The Short Version

Depression fully entered my life around age 10 (fourth grade). The severity waxed and waned throughout high school with the lowest points coming during my twenties. Actual diagnoses came around age 22, just a year or so after getting married.

As a child and through high school, I was very emotional and cried easily. I even had the nickname “baby” stick with me from fourth through eighth grade. In my twenties, I became pretty volatile and hit a desperate low, considering suicide at various times.

Around age 28, light broke through the heavy cloud in my mind, and I began the climb out of the pit. Still unpredictable emotionally and still a regular pit-dweller, I began visiting the pit’s edge.

My 30s can be characterized by discovering and dealing with root causes. Lots of ups and downs still during this time, but the lows became not quite as low and got continually higher as I slowly but surely dealt with the various causes.

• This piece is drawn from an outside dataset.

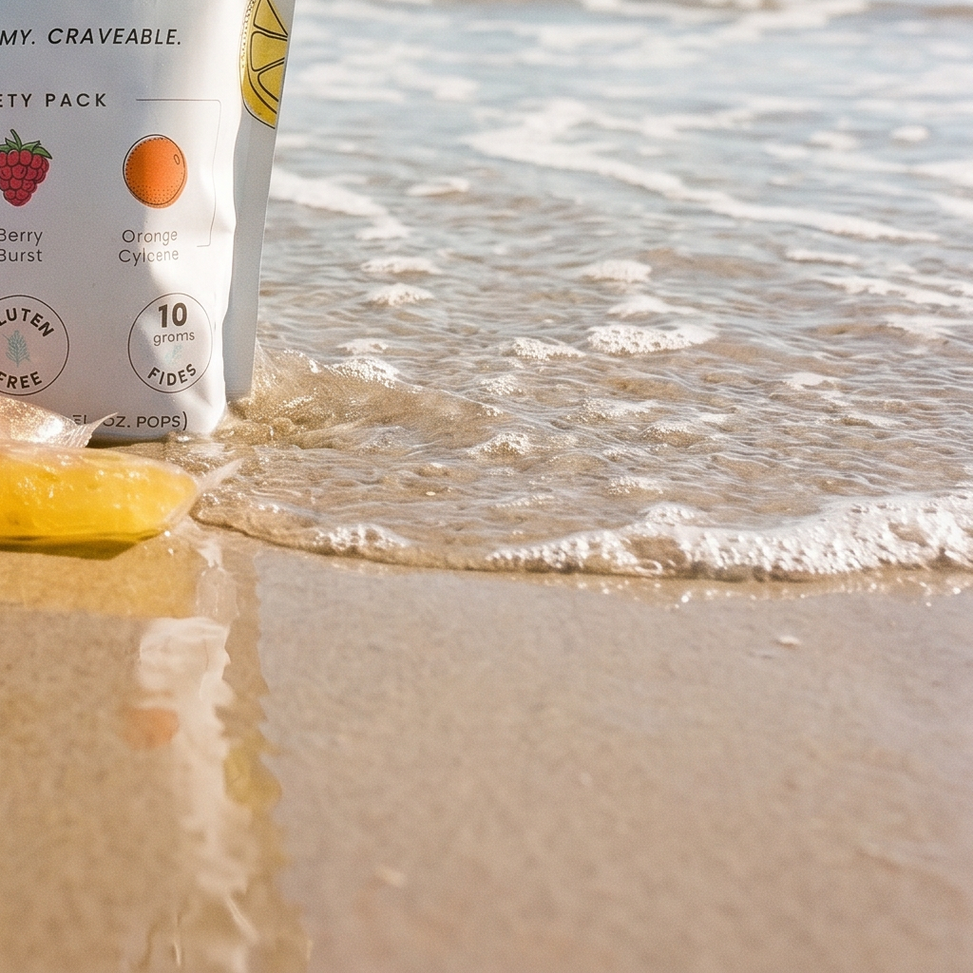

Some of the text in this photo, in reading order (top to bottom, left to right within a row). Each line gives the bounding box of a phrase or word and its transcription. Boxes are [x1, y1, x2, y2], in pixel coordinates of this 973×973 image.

My 40s involved much more consistency and much less ups and downs emotionally. As I struggled through raising two teenage boys, one quite rebellious, I increasingly learned how to rely on God. He led me through physical healing and to a place of mental stability. Today, I am ready for deeper connection in every area of my life as I stand fully healed from chronic depression.

Many and Varied Causes

The causes of depression for me were many and varied. I held unforgiveness toward several individuals, and I had some very unhealthy thought patterns needing reprogrammed along with some pretty poor relational habits.

In many ways, I really had no way to even deal with the emotions of life, not even to identify what I was feeling and experiencing. Added to all of that, I had some significant health issues (food allergy, food sensitivities, thyroid issues, hormonal imbalance, and adrenal fatigue) that made climbing out of the pit feel impossible.

Then there was my inability to take personal responsibility for myself or to even recognize the need to do so as well as being pretty confused about who this distant God of the universe was.

Hopelessness in Depression

I definitely felt hopeless at times, but there was always the slight hope of a hope that God was real and would not leave me to sink in the mud of the pit that was my life and had been for so very long. That hope literally kept me alive.

A positive that came out of that hopelessness is a realization of how powerless I was to change myself. With all my efforts, I could improve but never overcome. I could skirt the edge of the pit at times but never really be free from falling back in pretty regularly. There was always more struggle than anything else with true victory seeming only a fairytale.

Even while visiting that long period in my life through my memories, I recall all too well the feelings of that old life. I need to remember them once in a while and to be reminded of where I came from, so I can better appreciate where I am today. Remembering life in the pit provides tremendous motivation for doing whatever I need to do to make sure I never go back no matter what happens in my life.

Toward the End

As I neared the end of chronic depression’s control over my life, I discovered a verse that has become my life’s verse.

“Do not remember the former things or ponder the things of the past. Listen carefully, I am about to do a new thing, now it will spring forth; Will you not be aware of it? I will even put a road in the wilderness, rivers in the desert.” (Isaiah 43:18-19)

This verse not only reminds me of what God has done for me — healed me from depression — it also keeps me focused on what he’s doing and going to do in my life. When life gets tough, I remember that he does the impossible (Matthew 19:26).

I’ve learned to “listen carefully” and look for the “new thing” God is doing in my life. It’s always there, and I find it when I focus on him.